Cosmic muon tomography at the Wylfa reactor site utilising an anti-neutrino detector

Abstract

Abstract An anti-neutrino detector (a prototype of VIDARR) was deployed at the Wylfa Magnox nuclear power station between 2014 and 2016. It was comprised of extruded plastic scintillating bars measuring 4 cm by 1 cm by 152 cm and utilised wavelength shifting fibres (WLS) and Multi-Pixel Photon Counters (MPPCs) to detect and quantify radiation. During deployment, the detector recorded cosmic muon events in accidental coincidence along with the anti-neutrino events.
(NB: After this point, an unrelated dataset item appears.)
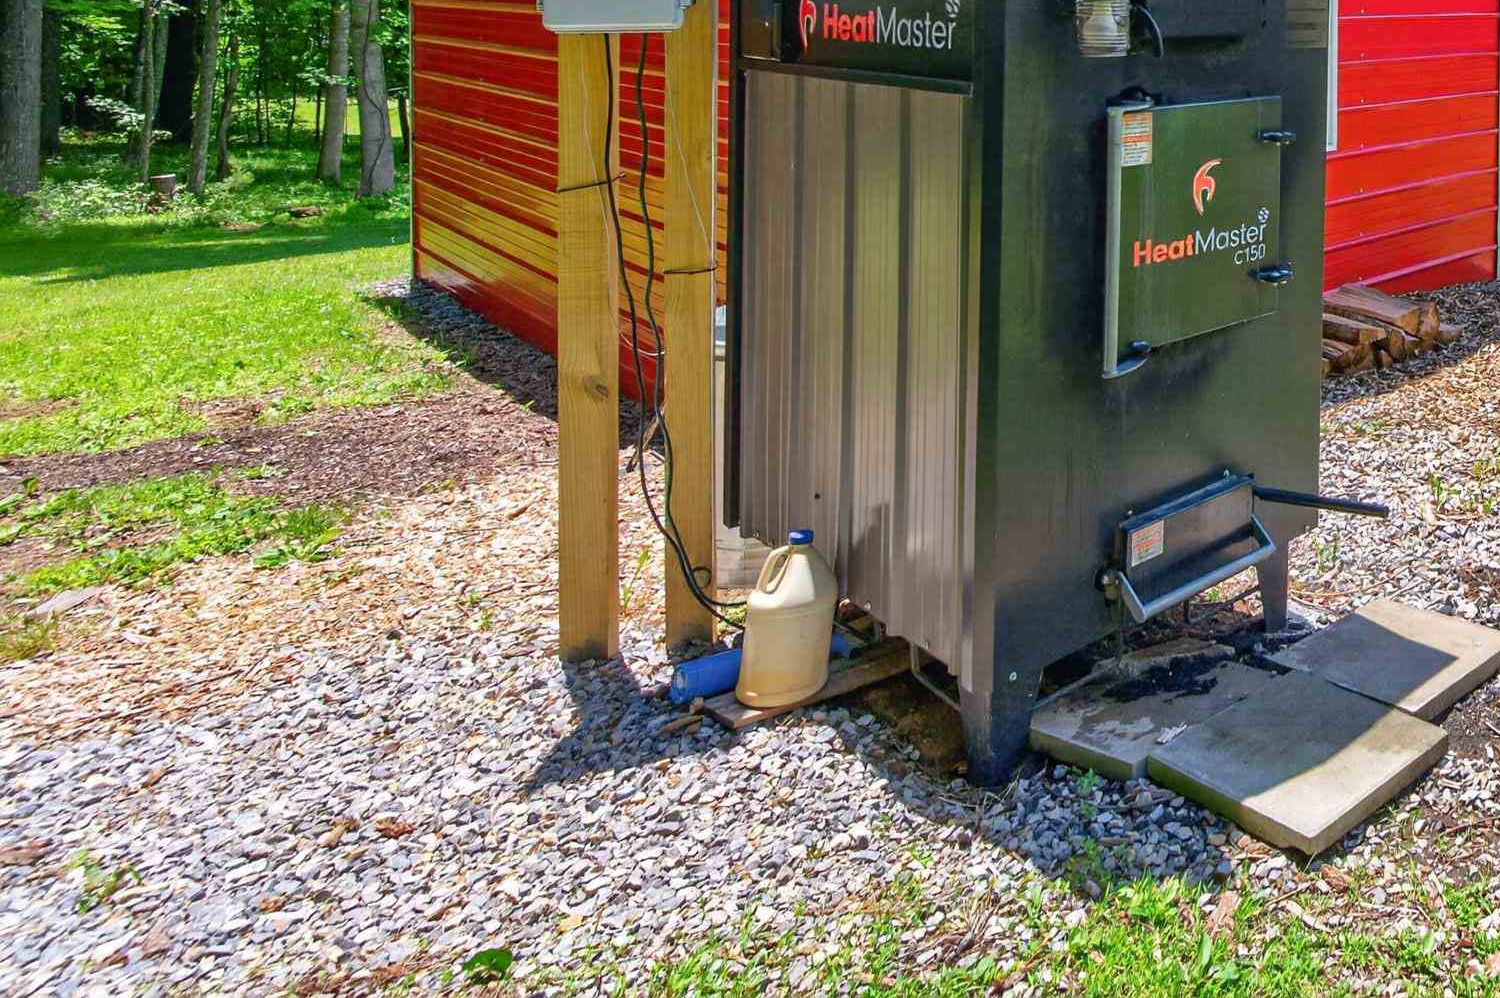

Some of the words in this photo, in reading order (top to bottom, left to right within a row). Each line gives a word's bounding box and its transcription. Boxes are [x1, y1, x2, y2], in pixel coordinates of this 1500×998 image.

[822, 3, 957, 50] HeatMaster
[1133, 222, 1268, 267] HeatMaster
[1233, 243, 1266, 265] C150
The cosmic muons produced in the upper atmosphere had their paths obscured by the power plant buildings as the cosmic muons originated behind the buildings. Cosmic muons have a significantly higher probability to be attenuated and/or absorbed by denser objects and so one-sided muographic methods were utilised to image the reactor site buildings. In order to achieve clear building outlines a control data set was taken at the University of Liverpool from 2016 to 2018 which had minimal occlusion of the cosmic muon flux by dense objects. By taking the ratio of these two data sets and using GEANT4 simulations it is possible to perform a one-sided cosmic muon tomography analysis. This analysis can be used to discern specific buildings, building heights, and features at the Wylfa reactor site including the reactor core/reactor core shielding using cosmic-ray events equivalent to that which would be seen in ∼ 3 hours of normal operation. This result demonstrates the feasibility of using cosmic muon analysis to determine a segmented detector's location with respect to surrounding buildings, assisted by aerial photography or satellite imagery.